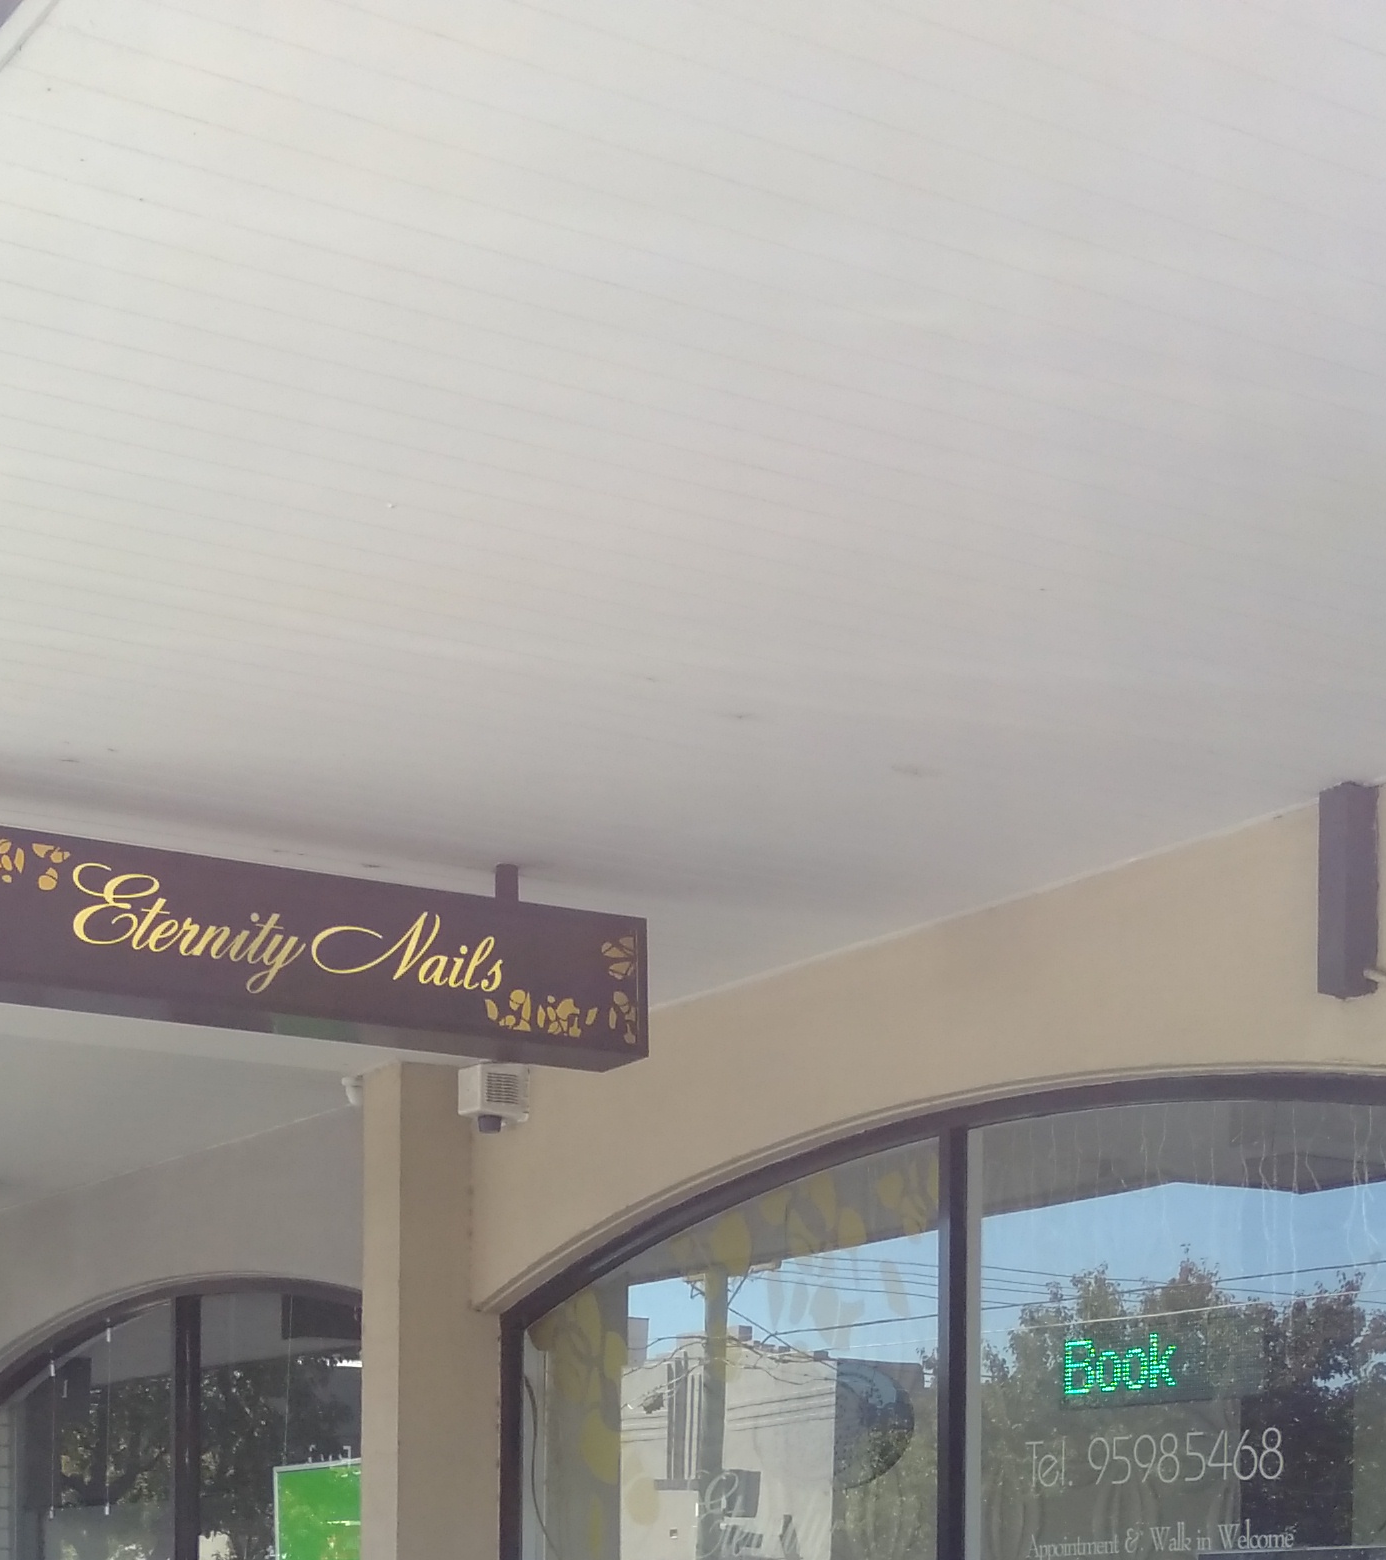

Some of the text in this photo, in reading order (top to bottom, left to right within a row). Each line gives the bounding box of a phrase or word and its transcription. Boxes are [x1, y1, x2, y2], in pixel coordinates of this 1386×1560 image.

[71, 861, 505, 994] Eternity Nails
[1064, 1331, 1177, 1395] Book
[1024, 1426, 1285, 1487] Tel. 95985468
[1149, 1521, 1192, 1552] Walk
[1196, 1530, 1212, 1551] in
[1217, 1518, 1294, 1550] Welcome

____

Work instructions
Would you set down each line of the data exactly, with no images included?

Task output
Some of the text in this photo, in reading order (top to bottom, left to right within a row). Each line gives the bounding box of a phrase or word and its transcription. Boxes are [x1, y1, x2, y2], in pixel coordinates of this 1386×1560 image.

[71, 861, 505, 994] Eternity Nails
[1064, 1331, 1177, 1395] Book
[1024, 1426, 1285, 1487] Tel. 95985468
[1149, 1521, 1192, 1552] Walk
[1196, 1530, 1212, 1551] in
[1217, 1518, 1294, 1550] Welcome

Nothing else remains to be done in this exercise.